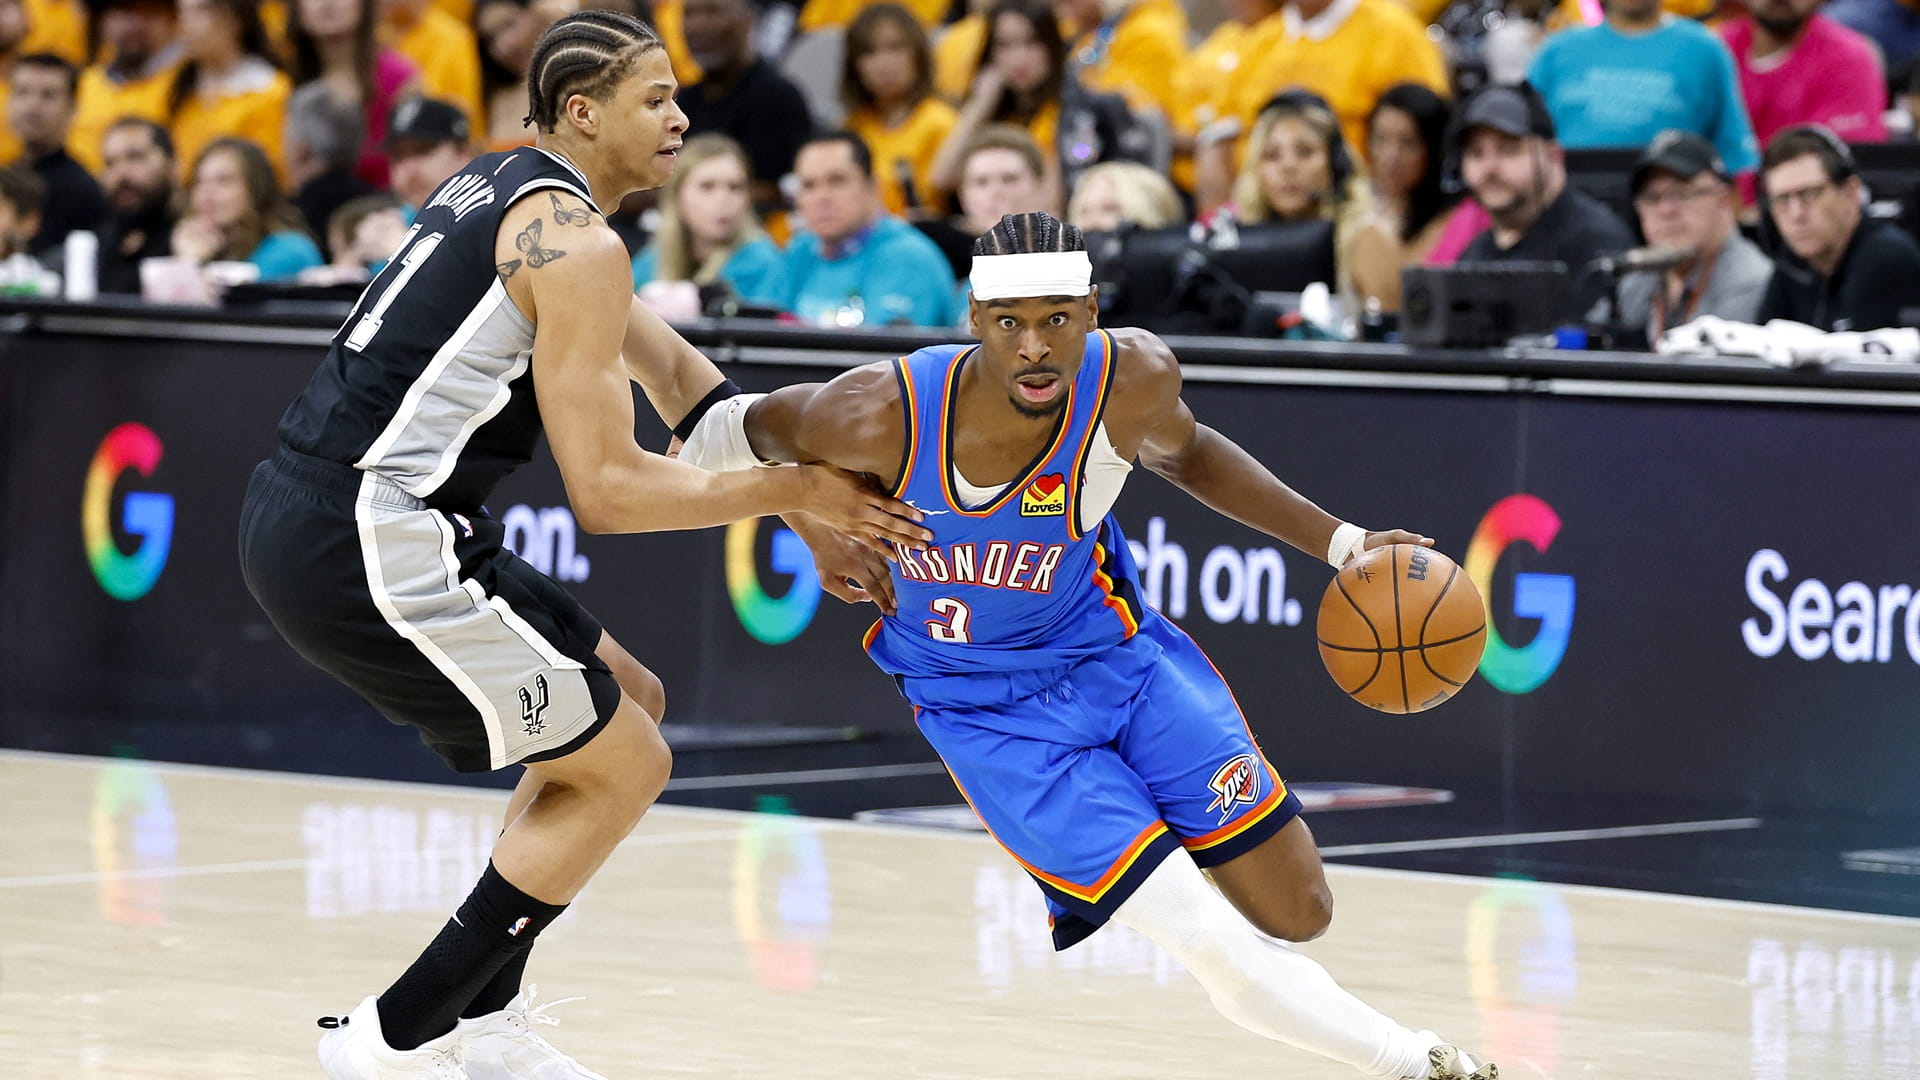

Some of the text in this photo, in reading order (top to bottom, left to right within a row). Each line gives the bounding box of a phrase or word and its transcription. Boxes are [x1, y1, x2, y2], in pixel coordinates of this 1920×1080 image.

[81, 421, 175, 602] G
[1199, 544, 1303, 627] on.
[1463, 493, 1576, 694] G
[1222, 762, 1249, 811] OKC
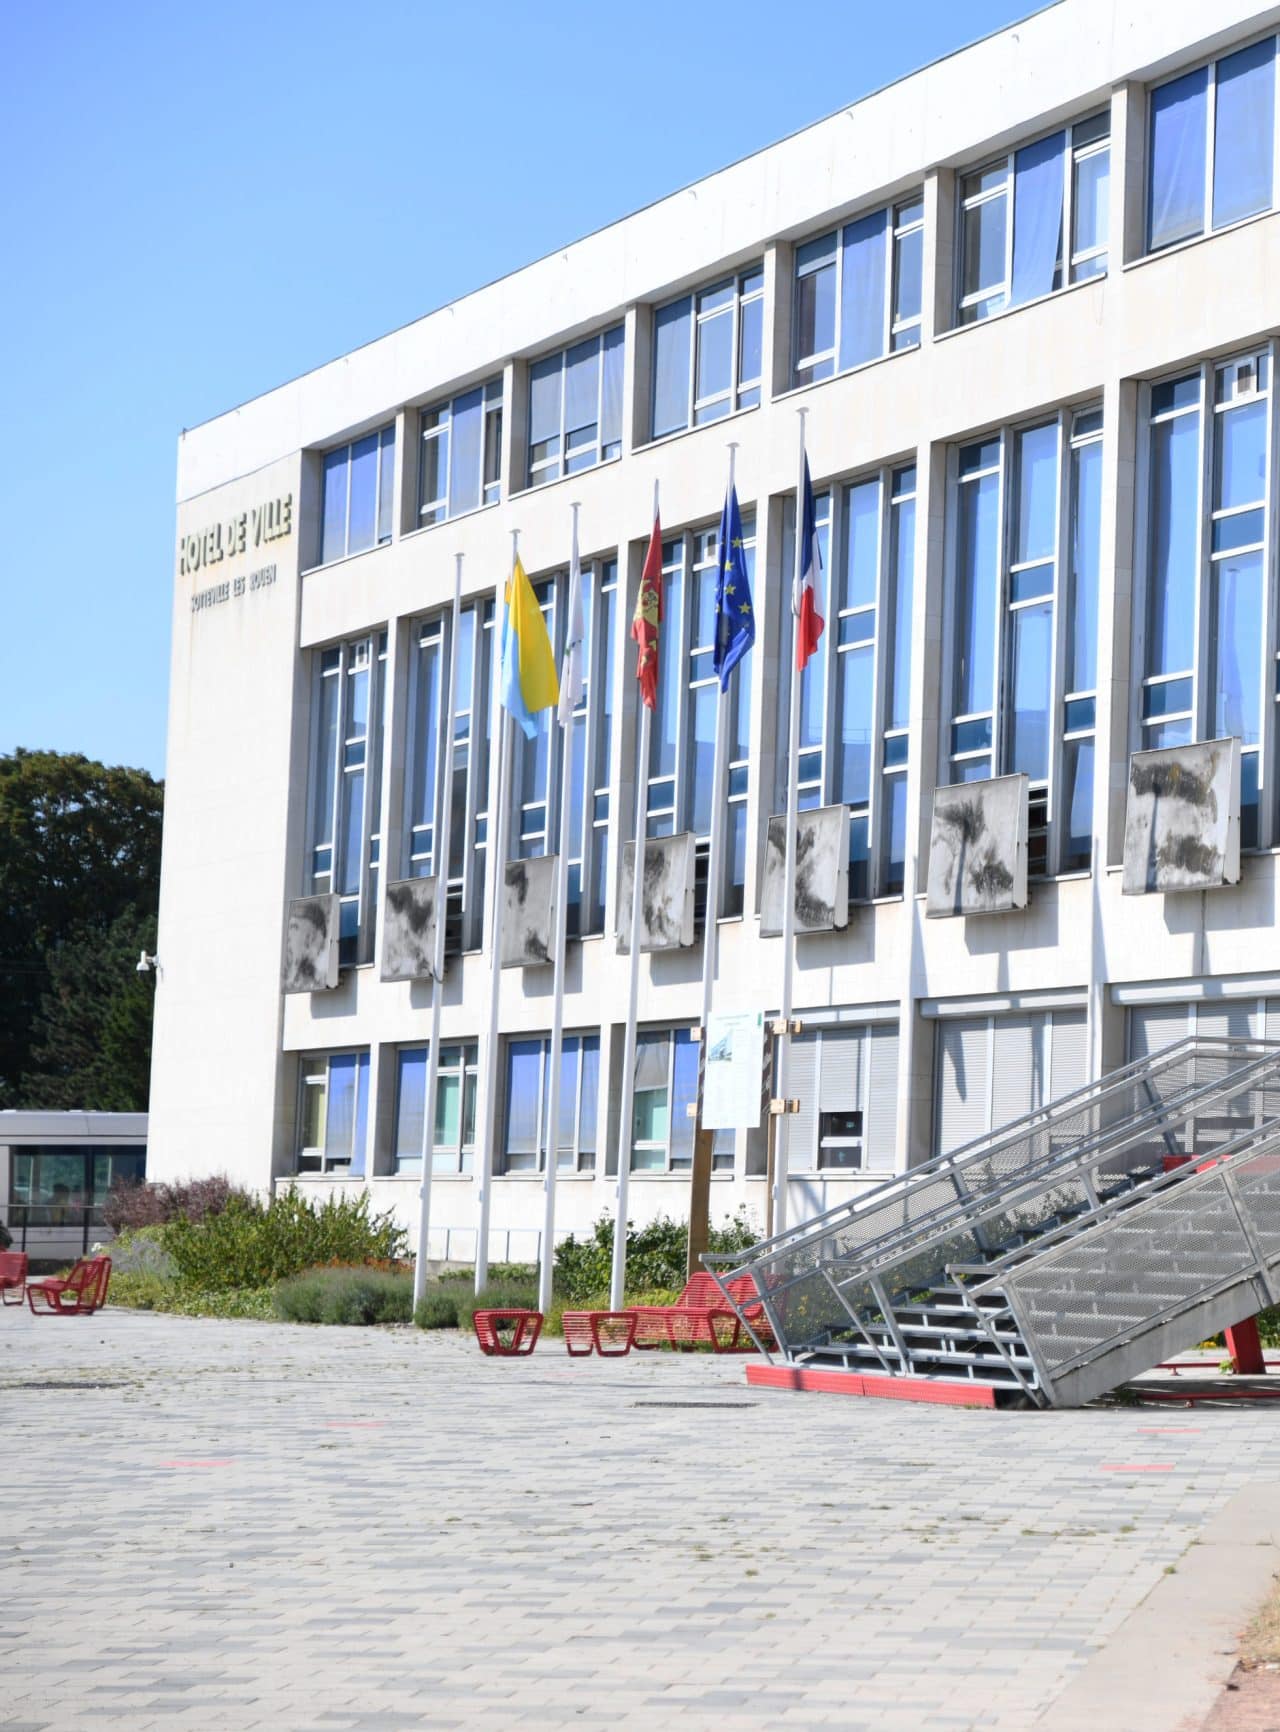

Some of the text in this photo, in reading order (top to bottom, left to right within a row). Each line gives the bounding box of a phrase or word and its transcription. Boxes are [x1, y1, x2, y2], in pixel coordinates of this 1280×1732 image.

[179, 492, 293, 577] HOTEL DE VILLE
+===+
[AIM OF THE EXERCISE]: Write out the whole listing exactly, and drop the pictures.

[RESPONSE]:
Some of the text in this photo, in reading order (top to bottom, left to right within a row). Each line gives the bounding box of a phrase or word and its transcription. Boxes are [x1, y1, x2, y2], in pixel coordinates of this 1920×1080 image.

[81, 421, 175, 602] G
[1199, 544, 1303, 627] on.
[1463, 493, 1576, 694] G
[1222, 762, 1249, 811] OKC

Some of the text in this photo, in reading order (top to bottom, left to right within a row). Each line gives the bounding box of a phrase or word and its transcription. Boxes are [x1, y1, x2, y2], in pixel coordinates of this 1280×1732 image.

[179, 492, 293, 577] HOTEL DE VILLE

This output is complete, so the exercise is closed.